Stored data:
>>>

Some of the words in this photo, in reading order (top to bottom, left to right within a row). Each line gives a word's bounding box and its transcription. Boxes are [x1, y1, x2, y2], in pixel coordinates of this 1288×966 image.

<<<
>>>

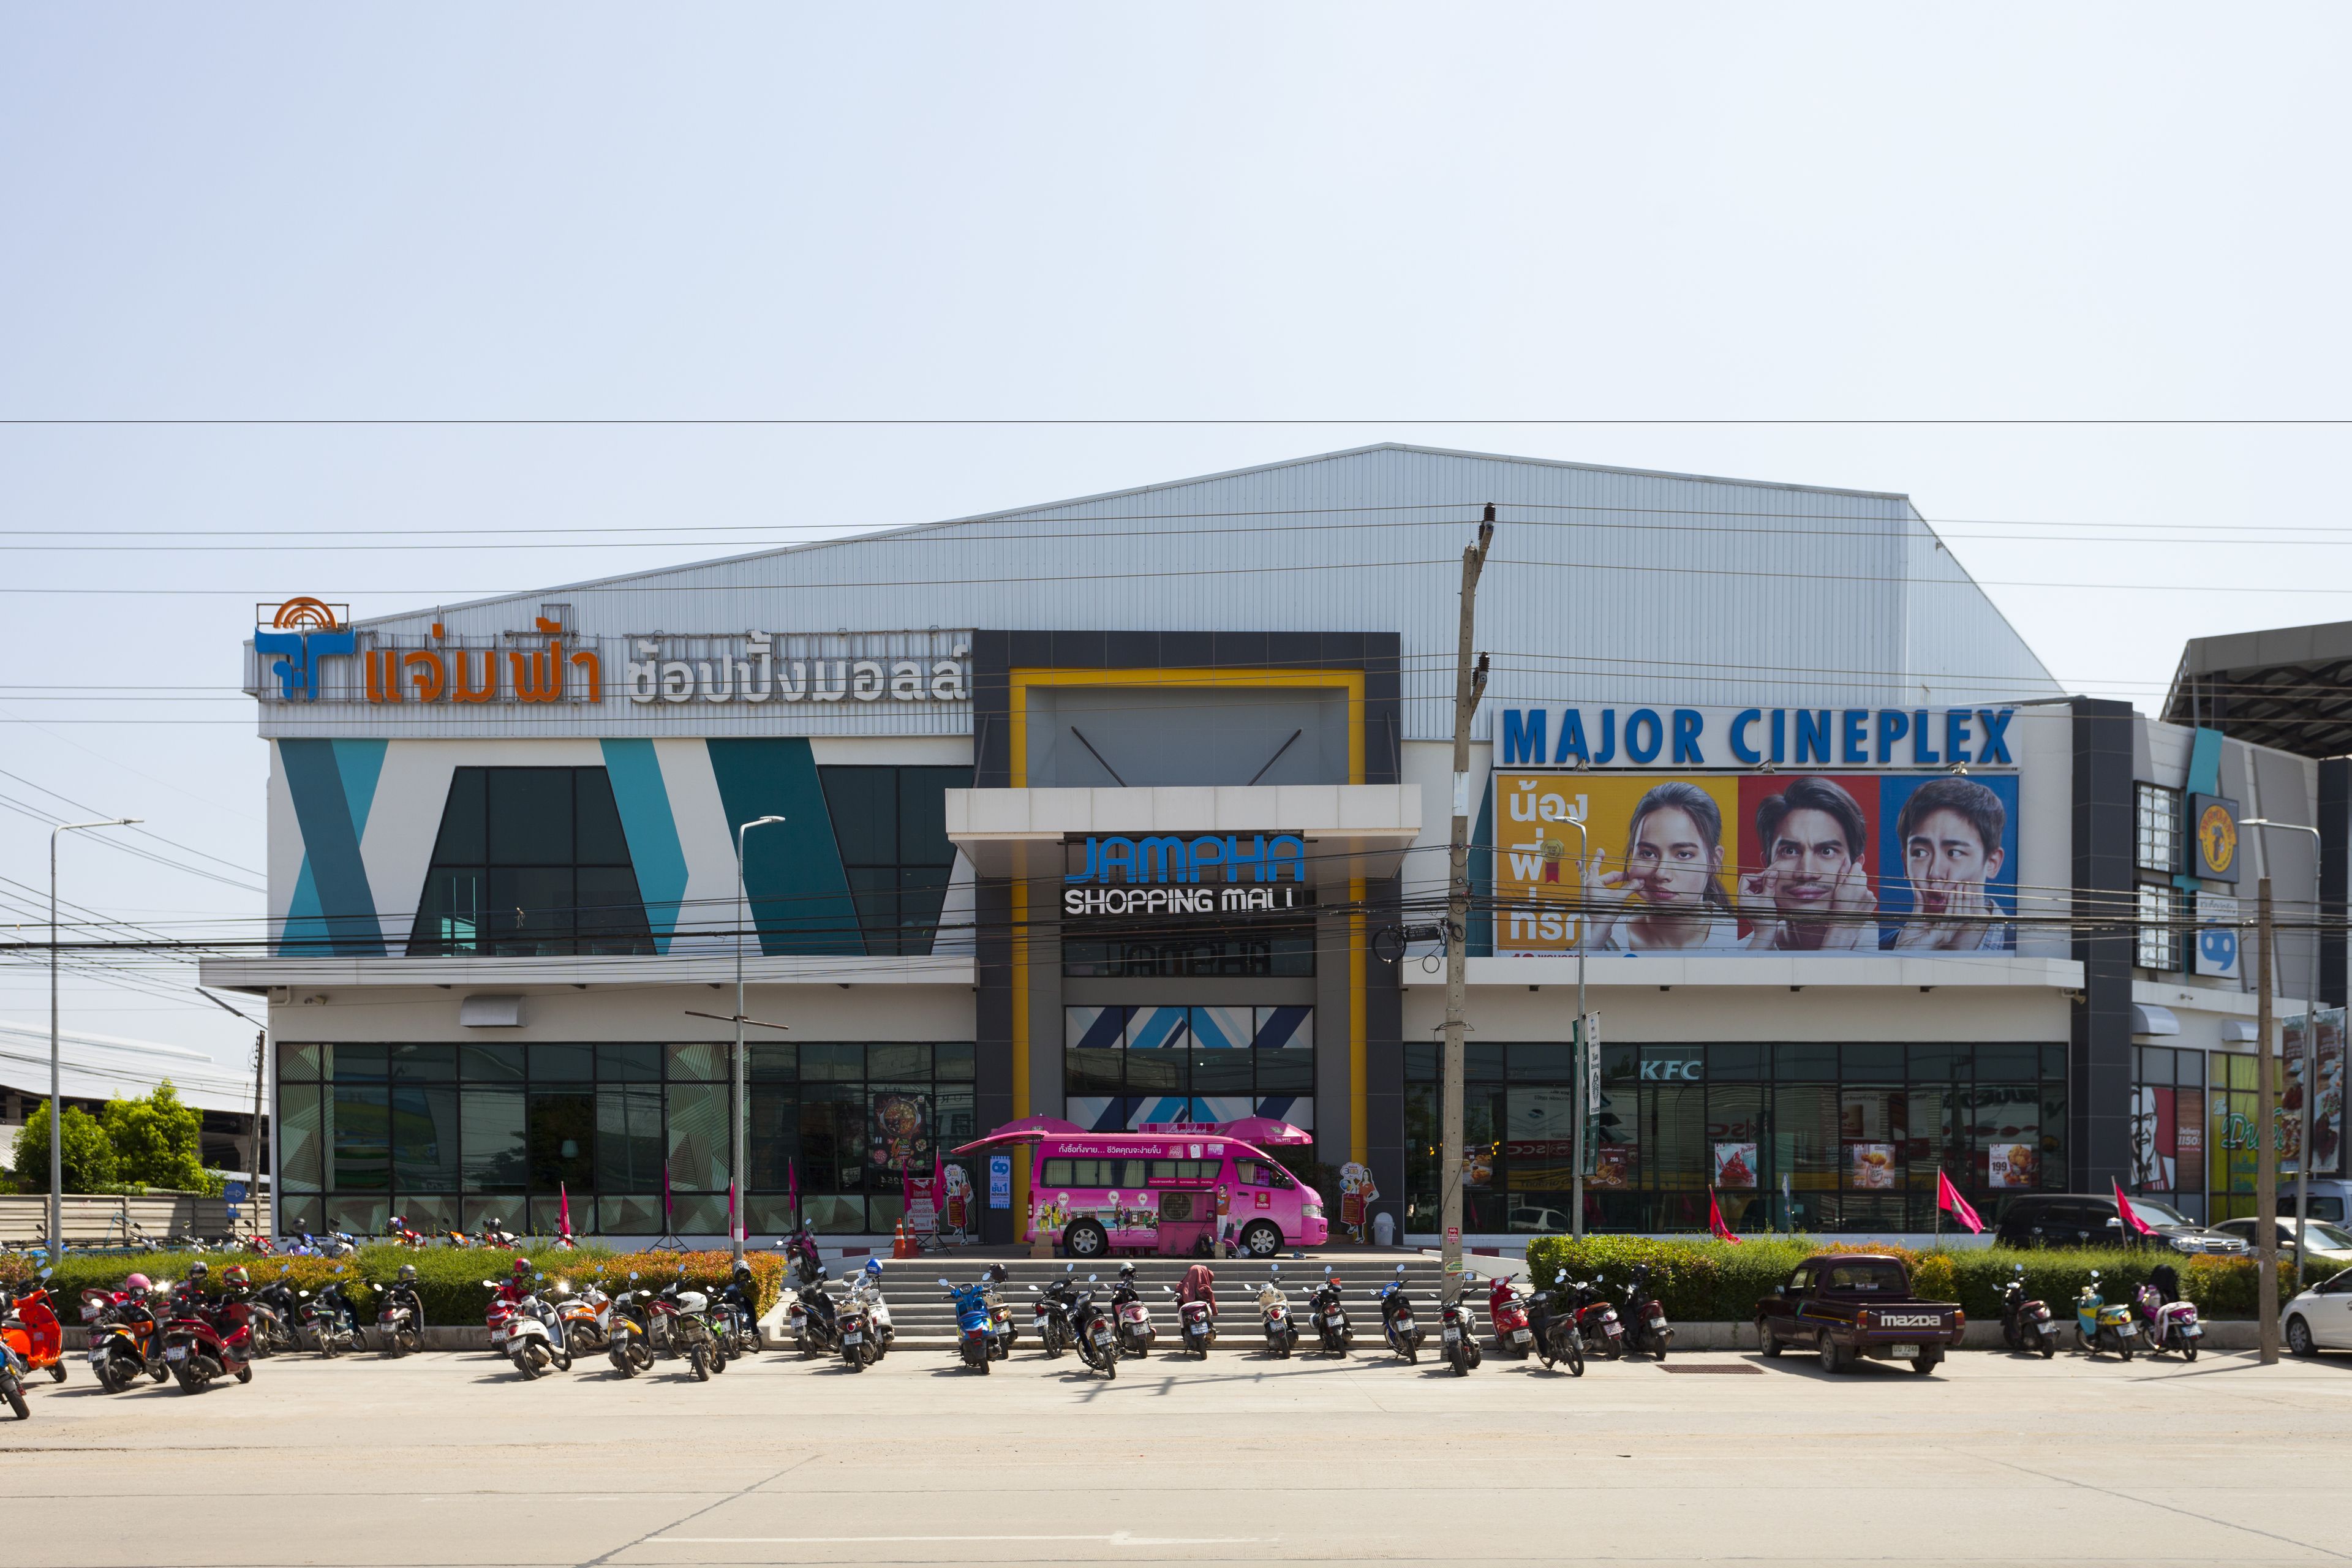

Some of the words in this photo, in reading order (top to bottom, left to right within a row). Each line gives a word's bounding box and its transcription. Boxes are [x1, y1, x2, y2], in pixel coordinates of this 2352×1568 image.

<<<
>>>

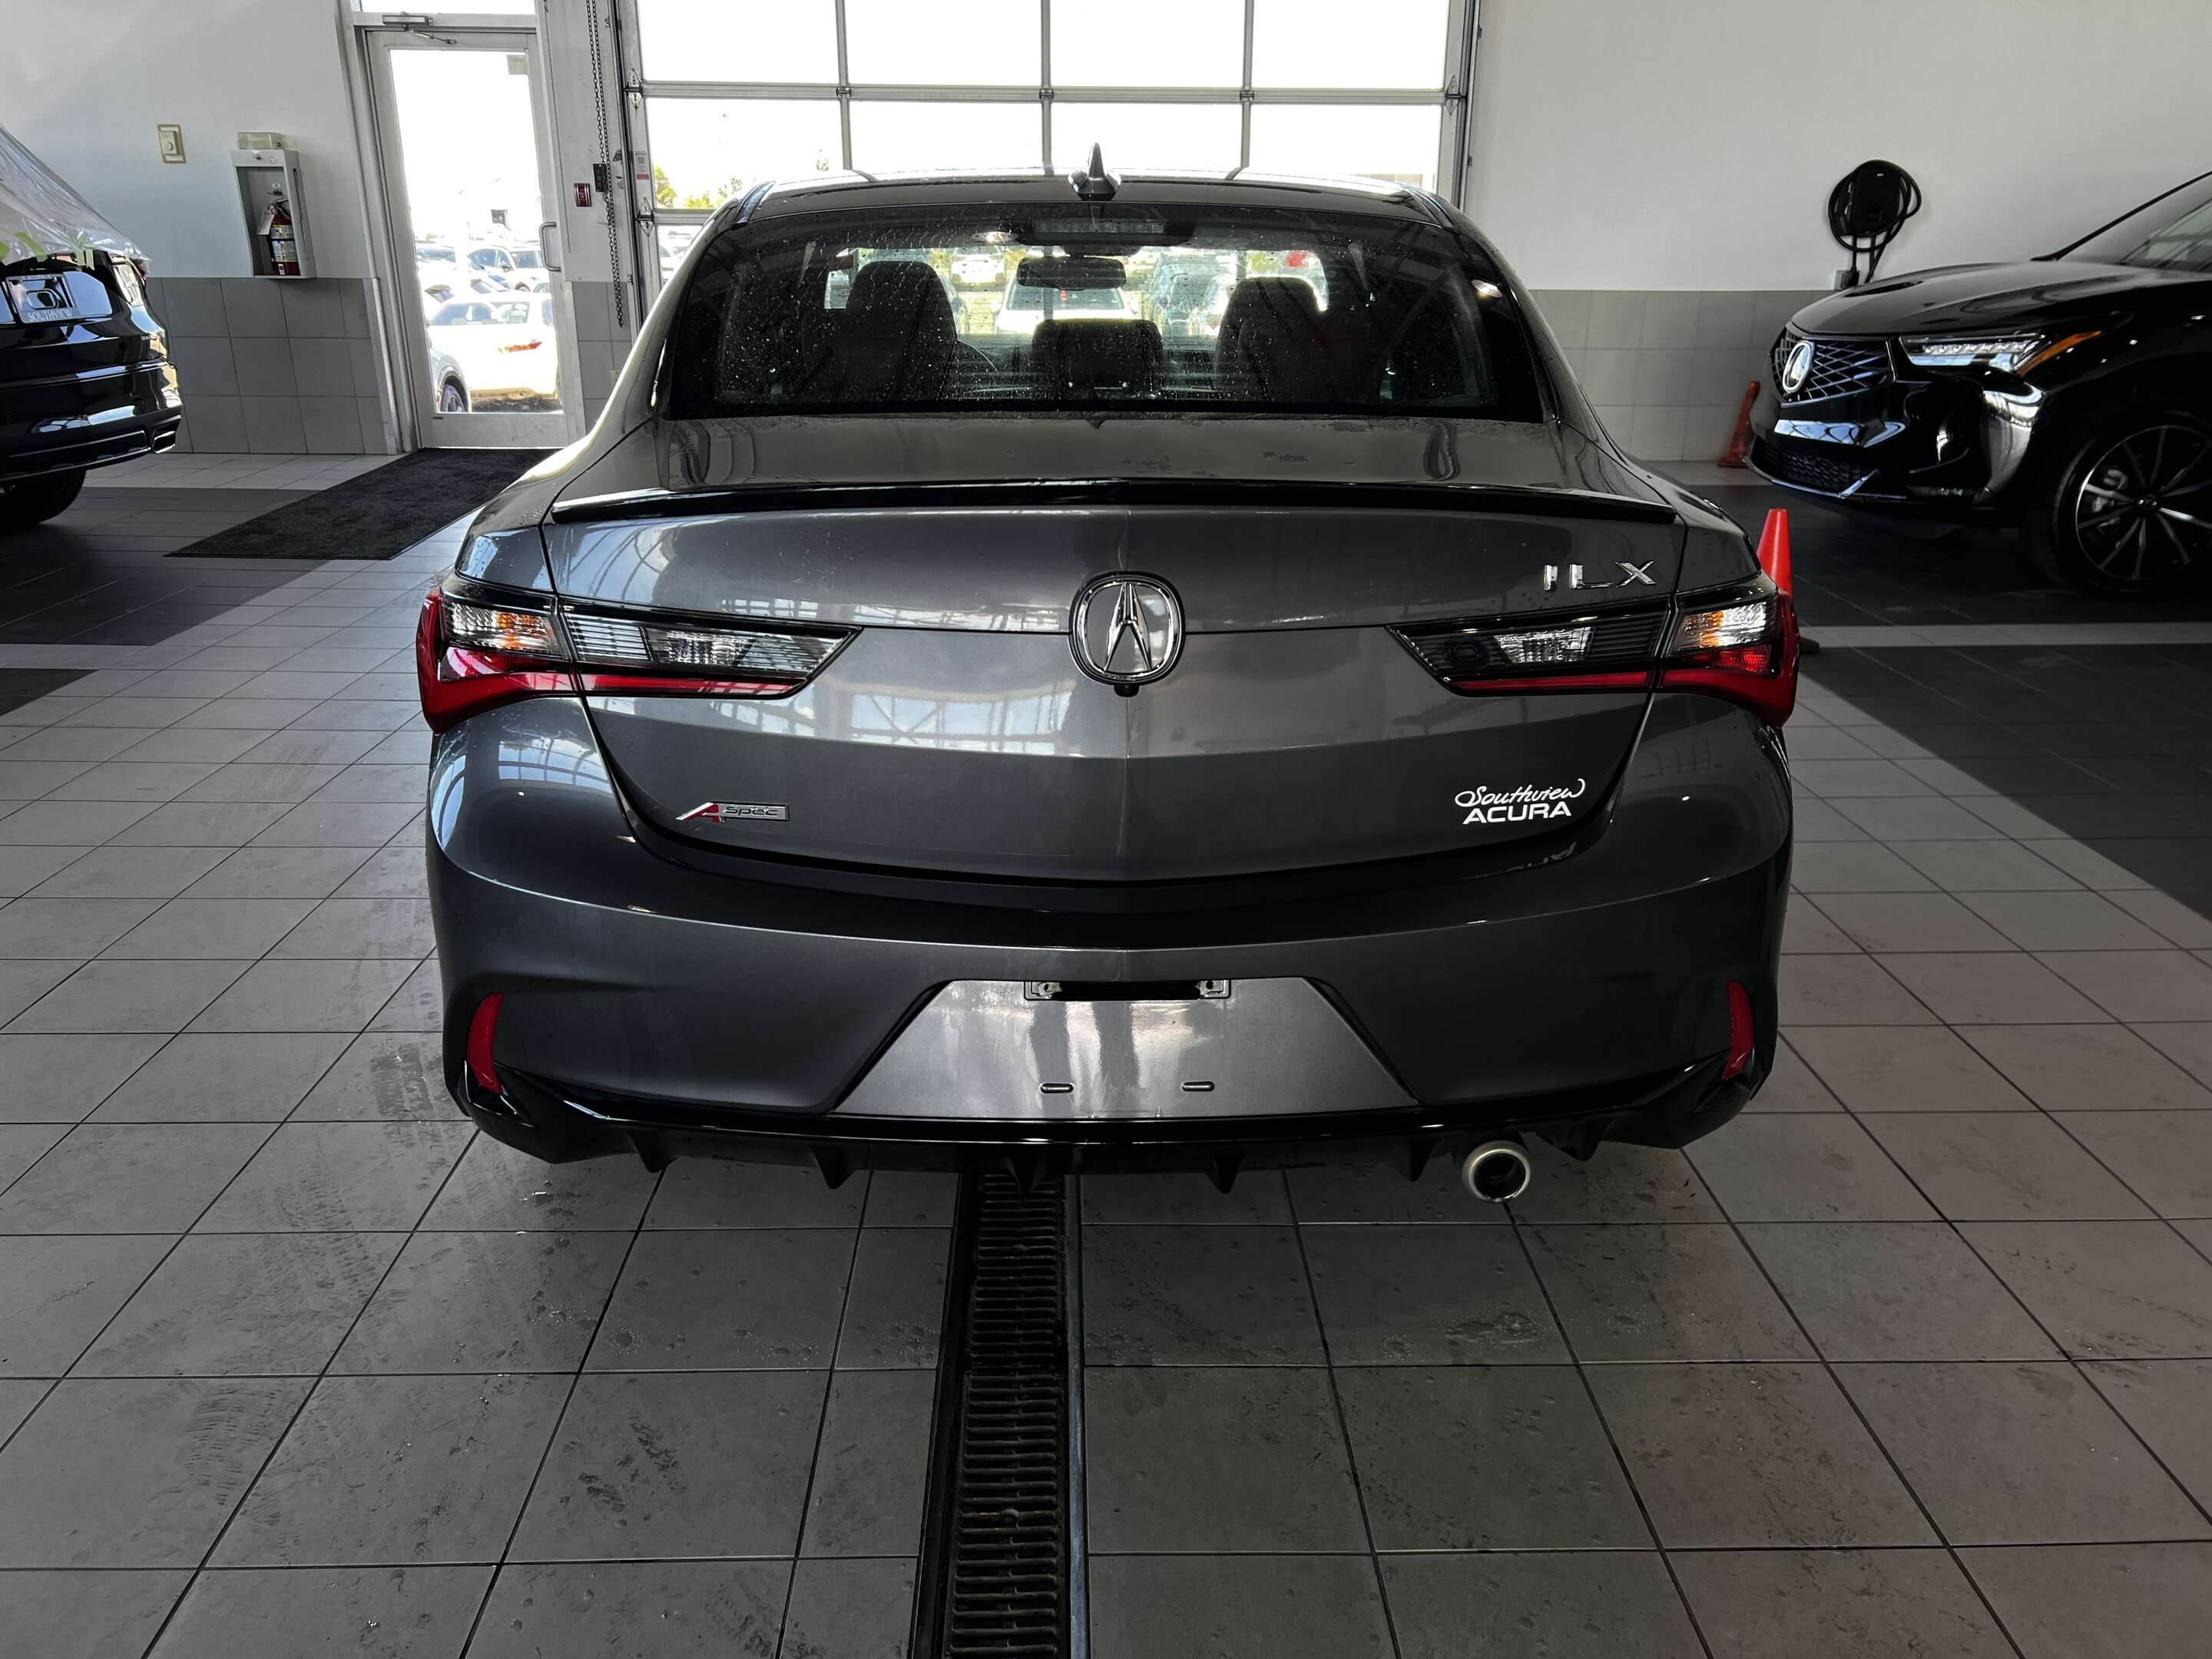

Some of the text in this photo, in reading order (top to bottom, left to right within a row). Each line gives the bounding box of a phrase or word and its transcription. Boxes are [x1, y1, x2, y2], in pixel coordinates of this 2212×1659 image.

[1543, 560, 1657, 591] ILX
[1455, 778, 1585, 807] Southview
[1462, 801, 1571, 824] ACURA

<<<

Your instructions:
All lines containing "words" in the material above should appear in your reply, copied exactly.

Reply to the task:
Some of the words in this photo, in reading order (top to bottom, left to right within a row). Each line gives a word's bounding box and its transcription. Boxes are [x1, y1, x2, y2], in pixel coordinates of this 1288×966 image.
Some of the words in this photo, in reading order (top to bottom, left to right within a row). Each line gives a word's bounding box and its transcription. Boxes are [x1, y1, x2, y2], in pixel coordinates of this 2352×1568 image.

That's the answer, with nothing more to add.